Word for word, repeat the data; no picture should appear in the result.

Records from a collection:
▬▬▬▬▬▬▬▬▬▬
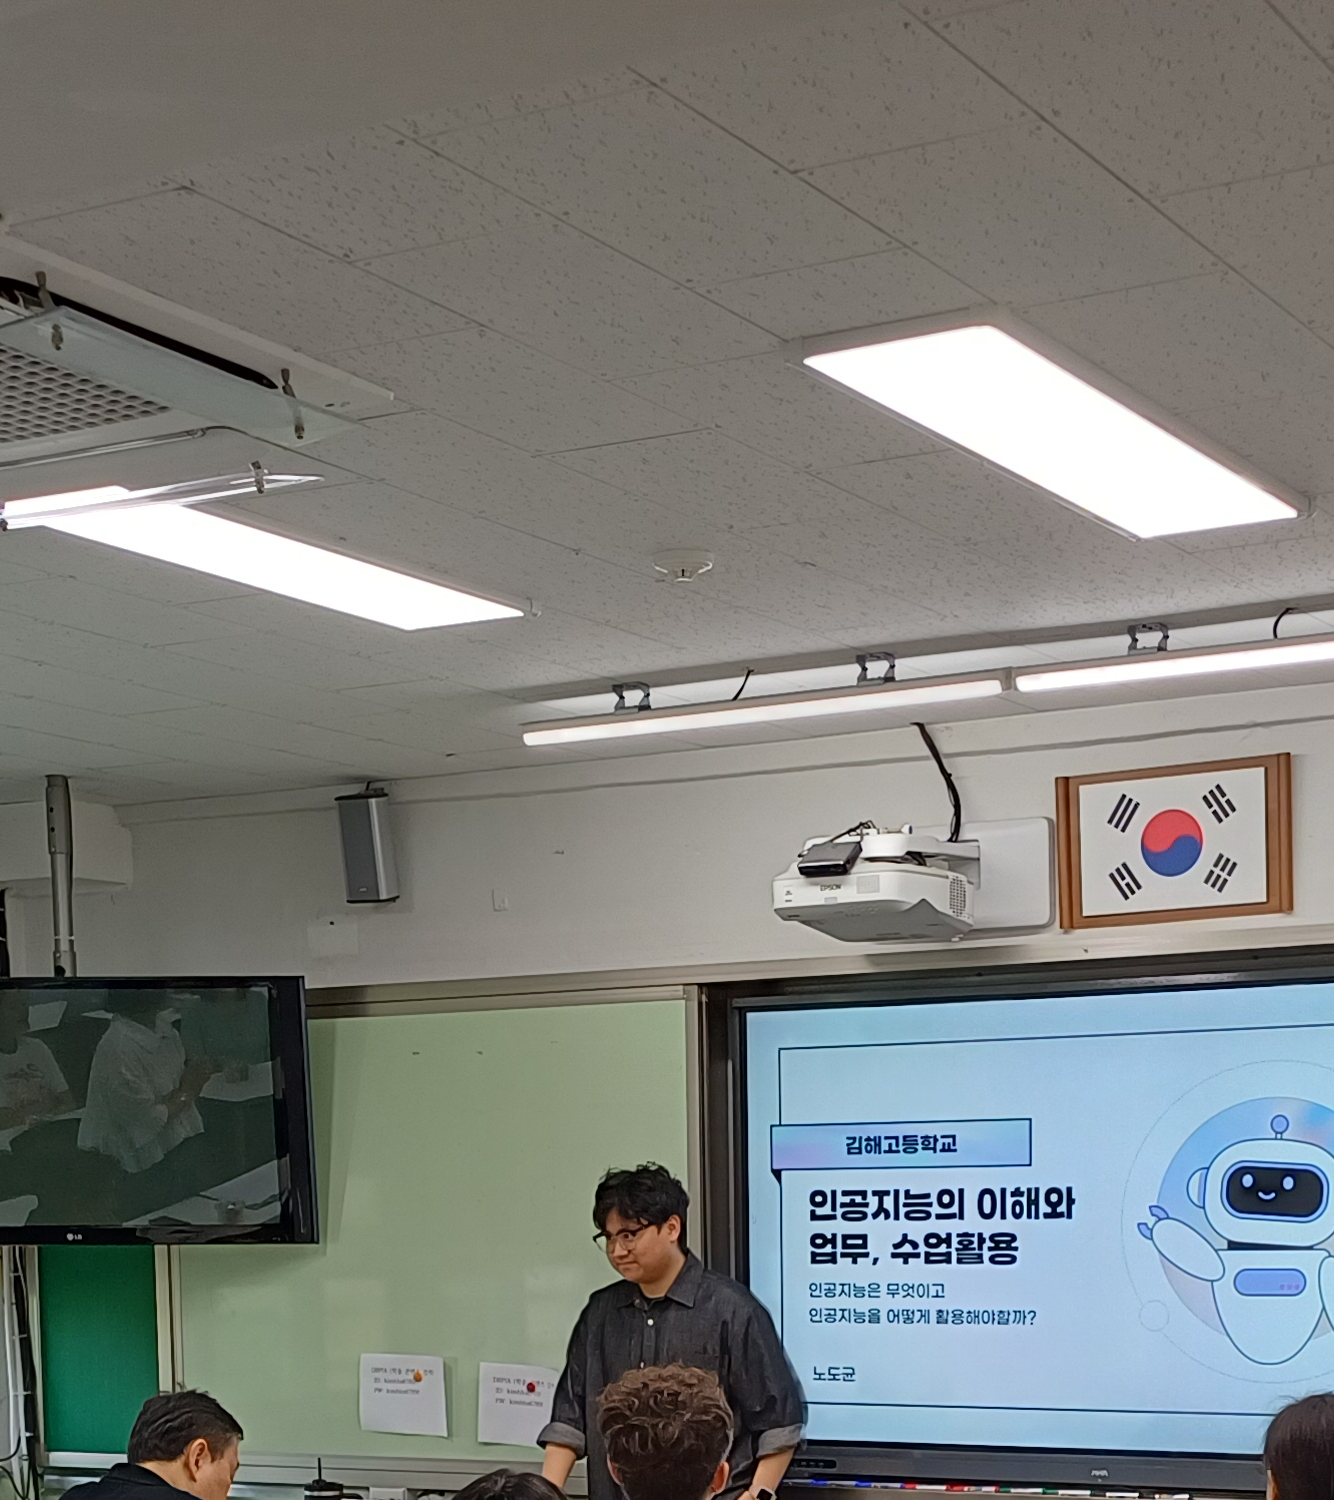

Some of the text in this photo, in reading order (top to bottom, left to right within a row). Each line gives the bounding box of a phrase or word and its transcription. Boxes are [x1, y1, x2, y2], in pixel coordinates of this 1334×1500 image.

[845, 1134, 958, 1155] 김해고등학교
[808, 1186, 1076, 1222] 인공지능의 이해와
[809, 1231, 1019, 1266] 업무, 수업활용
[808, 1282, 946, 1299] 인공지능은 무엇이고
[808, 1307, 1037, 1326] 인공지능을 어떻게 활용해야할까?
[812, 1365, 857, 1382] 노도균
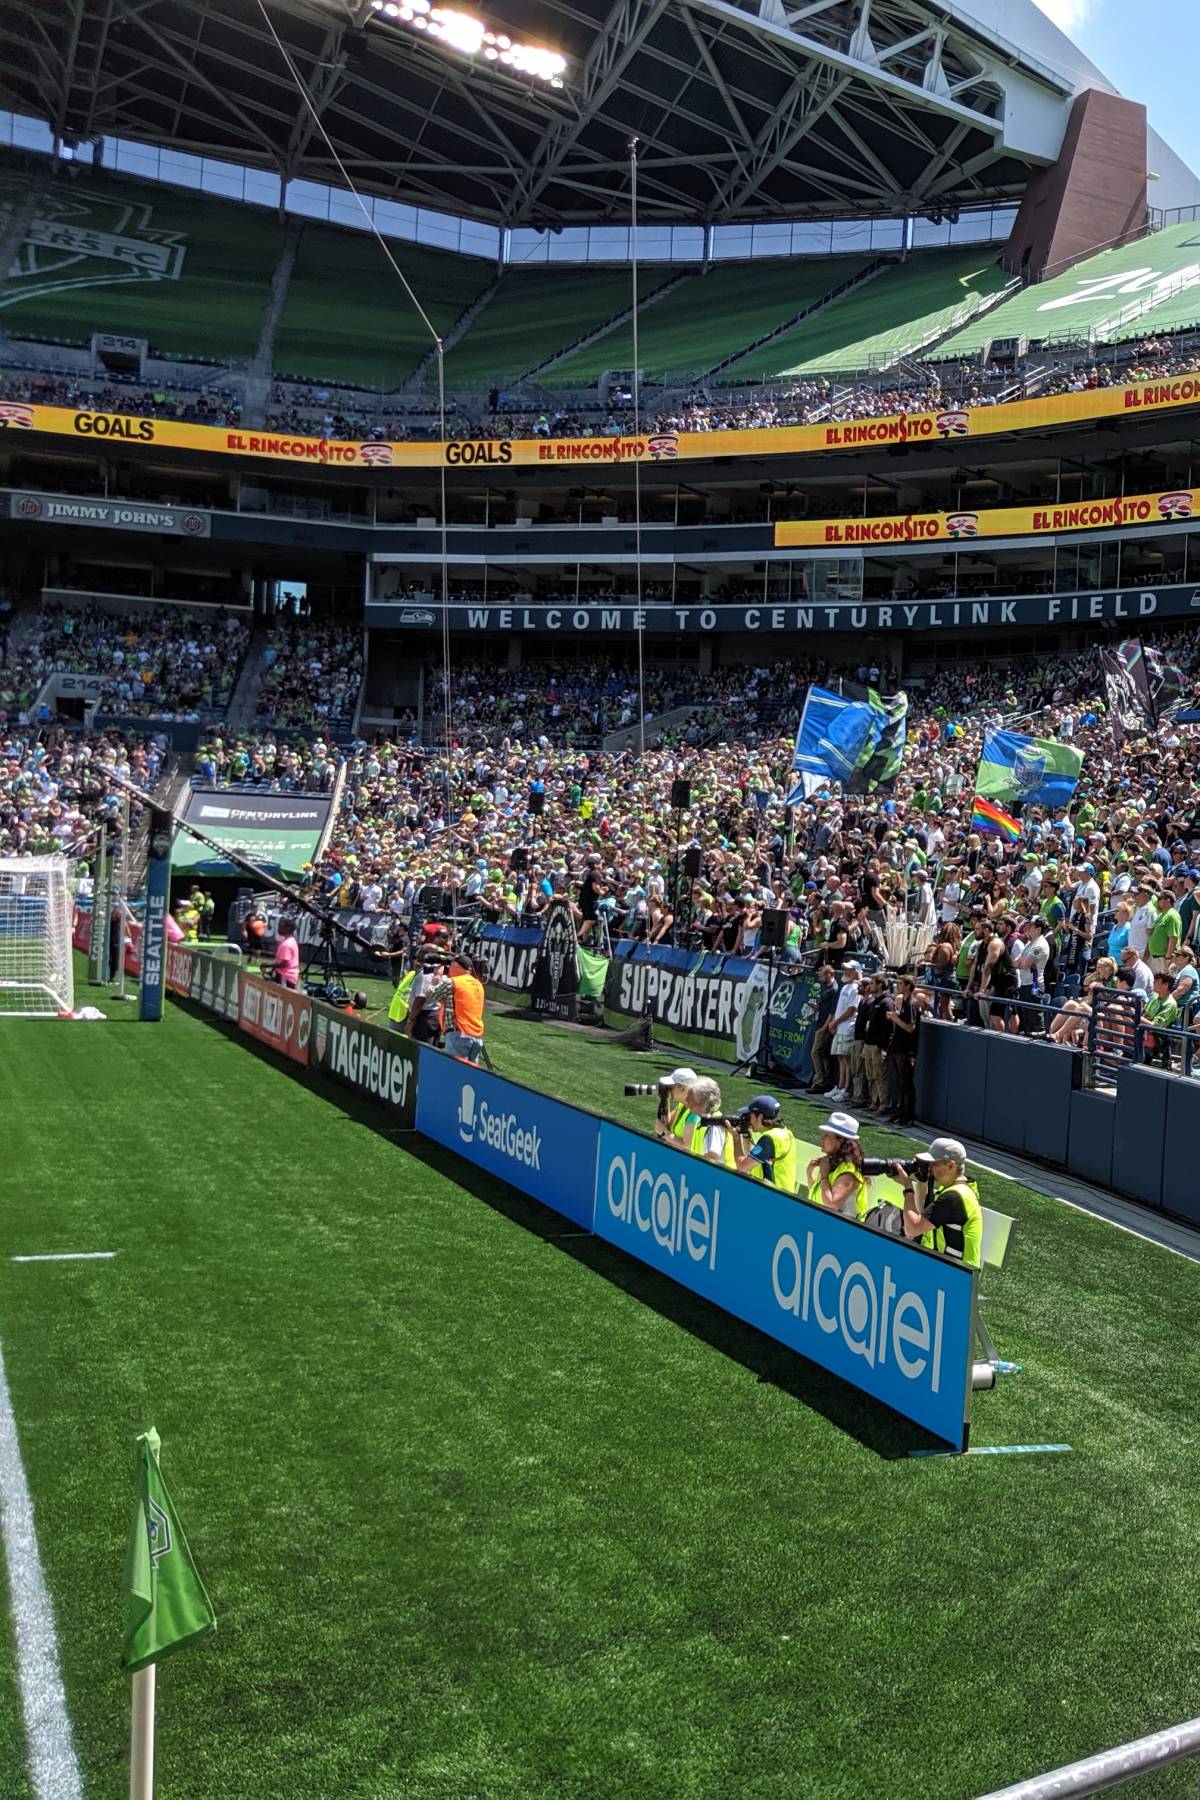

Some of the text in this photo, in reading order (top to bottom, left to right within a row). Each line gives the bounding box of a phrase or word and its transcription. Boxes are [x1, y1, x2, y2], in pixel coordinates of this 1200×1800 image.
▬▬▬▬▬▬▬▬▬▬
(Solution to the problem):
Some of the text in this photo, in reading order (top to bottom, left to right within a row). Each line gives the bounding box of a phrase or word and its transcription. Boxes are [x1, y1, x2, y2], in pixel coordinates of this 1334×1500 image.

[845, 1134, 958, 1155] 김해고등학교
[808, 1186, 1076, 1222] 인공지능의 이해와
[809, 1231, 1019, 1266] 업무, 수업활용
[808, 1282, 946, 1299] 인공지능은 무엇이고
[808, 1307, 1037, 1326] 인공지능을 어떻게 활용해야할까?
[812, 1365, 857, 1382] 노도균

Some of the text in this photo, in reading order (top to bottom, left to right within a row). Each line gives the bounding box of a phrase or word and its transcription. Boxes are [x1, y1, x2, y2], in pixel coordinates of this 1200×1800 image.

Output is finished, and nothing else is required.